Но теперь, казалось бы, из ниоткуда мое тело полностью вышло из-под контроля. Каждый день я боролась с тревогой, которая временами перерастала в полноценные приступы паники, сопровождающиеся учащенным пульсом, одышкой и нарастающим чувством обреченности. По ночам я лежала без сна, слыша, как мое сердце бьется дважды в такт тикающим часам, и не могла успокоить себя, чтобы уснуть.

Кроме того, я теряла вес с угрожающей скоростью. Если я не съедала перед сном два кусочка тоста Ezekiel, густо намазанных сливочным маслом, то на следующее утро я худела на два килограмма. И если для кого-то это звучит как идеальный план похудения, позвольте мне сказать вам, что это было совсем не так. Я была исхудавшей, изможденной и хрупкой, мои мышцы были такими слабыми, когда я спускалась по лестнице, что мне приходилось цепляться за перила. Я всегда была голодной, даже после еды. Дошло до того, что, сидя в огромном лекционном зале нашей медицинской школы, я даже не могла нормально вести записи – мои руки так сильно дрожали, что пальцы не могли контролировать ручку.

Друзья любого человека забеспокоились бы в такой ситуации. Мои друзья были студентами-медиками, которые знали про мои симптомы не понаслышке. «Эми, – настаивали они, – сходи к врачу». И я пошла – только для того, чтобы она сказала мне, что у меня «синдром студента-медика», то есть я считаю, что у меня имеются все симптомы, которые мы изучали в медицинской школе.

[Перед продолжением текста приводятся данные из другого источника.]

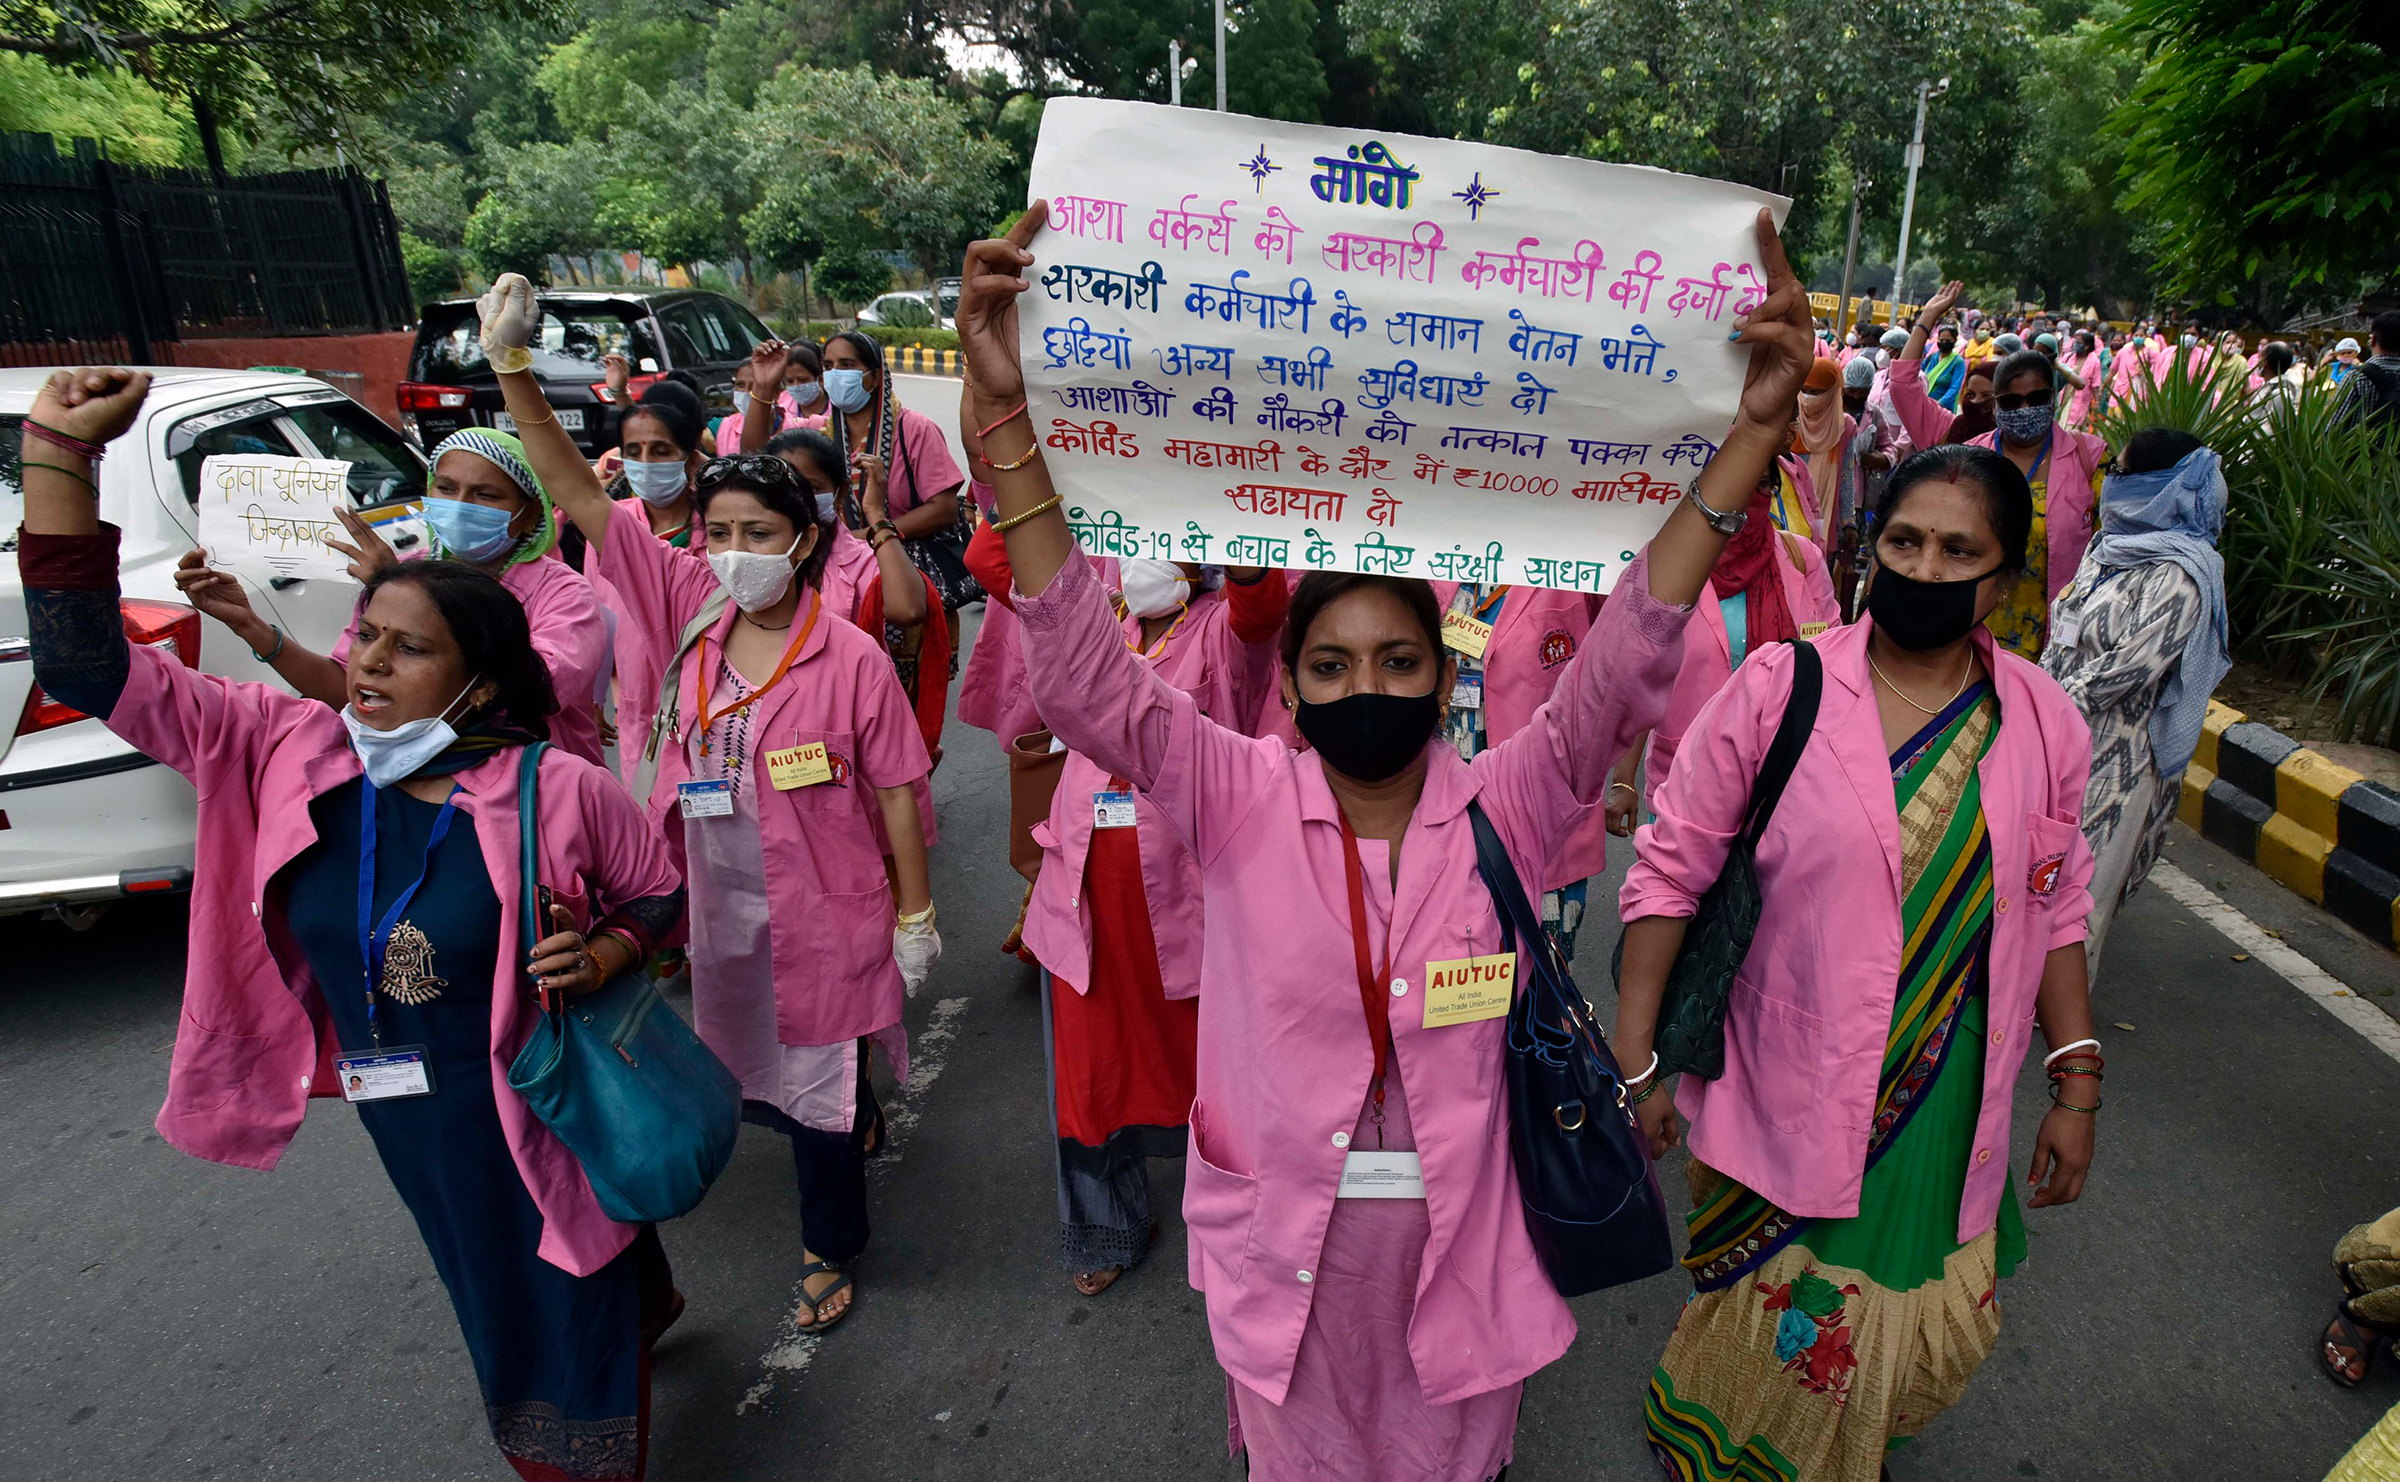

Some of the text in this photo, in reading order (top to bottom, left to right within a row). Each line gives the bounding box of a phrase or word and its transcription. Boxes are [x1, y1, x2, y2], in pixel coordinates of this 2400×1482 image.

[1046, 195, 1128, 244] आशा
[1149, 194, 1238, 255] वर्कर्स
[1254, 206, 1304, 264] को
[1322, 221, 1447, 284] सरकारी
[1462, 237, 1606, 302] कर्मचारी
[1609, 250, 1664, 314] की
[1668, 262, 1734, 320] दर्जा
[1041, 261, 1167, 312] सरकारी
[1185, 269, 1317, 334] कर्मचारी
[1330, 290, 1367, 339] के
[1386, 312, 1484, 353] समान
[1508, 309, 1583, 366] वेतन
[1151, 343, 1235, 380] अन्य
[1256, 346, 1334, 391] सभी
[1511, 372, 1557, 414] दो
[1052, 379, 1719, 469] आशाओं की नौकरी को तत्काल पक्का करो
[1046, 419, 1139, 458] कोविड
[1164, 439, 1285, 471] महामारी
[1298, 445, 1330, 475] के
[1338, 445, 1398, 480] दौर
[1414, 454, 1448, 484] में
[1572, 471, 1682, 504] मासिक
[216, 464, 272, 503] दावा
[1224, 484, 1402, 527] सहायता दो
[1067, 506, 1171, 560] कोविड-19
[1181, 520, 1213, 561] से
[1226, 535, 1290, 567] बचाव
[1305, 528, 1336, 568] के
[1355, 533, 1415, 573] लिए
[1523, 557, 1606, 592] साधन
[1446, 614, 1489, 638] AIUTUC
[771, 748, 823, 767] AIUTUC
[1431, 963, 1510, 989] AIUTUC
[1458, 991, 1482, 1000] All India
[1429, 997, 1507, 1014] United Trade Union Centre

«Нет!» – настаивала я. Я знала свое тело. Происходило что-то ужасное.

«Может быть, это просто стресс, – предположила врач, уже готовясь перейти к следующему пациенту. – В конце концов, второй год обучения в медицинской школе – один из самых трудных».

Стресс? Я помогала ухаживать за умирающей матерью и пережила ее похороны. Я провела более двух лет в Корпусе мира в парагвайской деревне, такой маленькой, что ее даже нет на карте, без водопровода и в восьми часах езды до ближайшего телефона. Я успешно закончила первый курс медицинского колледжа. Все вышеперечисленное – стресс, но мое тело никогда не реагировало на него потерей веса, бессонницей, паникой и тремором; даже близко такого не было.

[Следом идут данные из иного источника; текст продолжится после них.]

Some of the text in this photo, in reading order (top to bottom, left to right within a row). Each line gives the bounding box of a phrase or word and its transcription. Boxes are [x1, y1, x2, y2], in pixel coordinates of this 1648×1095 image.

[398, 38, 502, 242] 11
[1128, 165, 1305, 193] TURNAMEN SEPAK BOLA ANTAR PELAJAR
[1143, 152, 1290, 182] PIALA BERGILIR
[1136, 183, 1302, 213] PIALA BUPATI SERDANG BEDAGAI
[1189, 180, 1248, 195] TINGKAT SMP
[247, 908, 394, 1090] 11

Было нелегко прислушиваться к собственному самопознанию, а не к авторитетным заявлениям врача, особенно когда я была настолько больна, что едва могла функционировать. Но я всегда была вздорной луизианкой – так воспитала меня моя мать, – и я просто не могла согласиться с диагнозом, который, как я знала, был настолько необоснованным.

«Пожалуйста! – настаивала я. – Мне нужно пройти полное обследование». Каким-то образом мне удалось отстоять свою позицию, и она неохотно назначила мне полный комплекс анализов крови.

Неделю спустя я проводила выходные в доме моей тети на побережье Мексиканского залива, когда мне позвонила та самая врач. Я не думаю, что она чувствовала свою вину. Но она сказала мне, что у меня серьезное расстройство щитовидной железы.

Как вы увидите далее в этой книге, щитовидная железа может выйти из строя двумя путями. Самый распространенный – это гипотиреоз, когда щитовидная железа не справляется со своей работой. Гипотиреоидное состояние может быть как аутоиммунным, так и нет. Аутоиммунный вариант известен как тиреоидит Хашимото и является наиболее распространенной формой недостаточной активности щитовидной железы.

Либо у вас может быть гипертиреоз, когда щитовидная железа работает слишком активно. Это менее распространенное состояние и именно то, что было у меня; гипертиреоз также может быть аутоиммунным или нет. У меня был аутоиммунный тип, известный как болезнь Грейвса.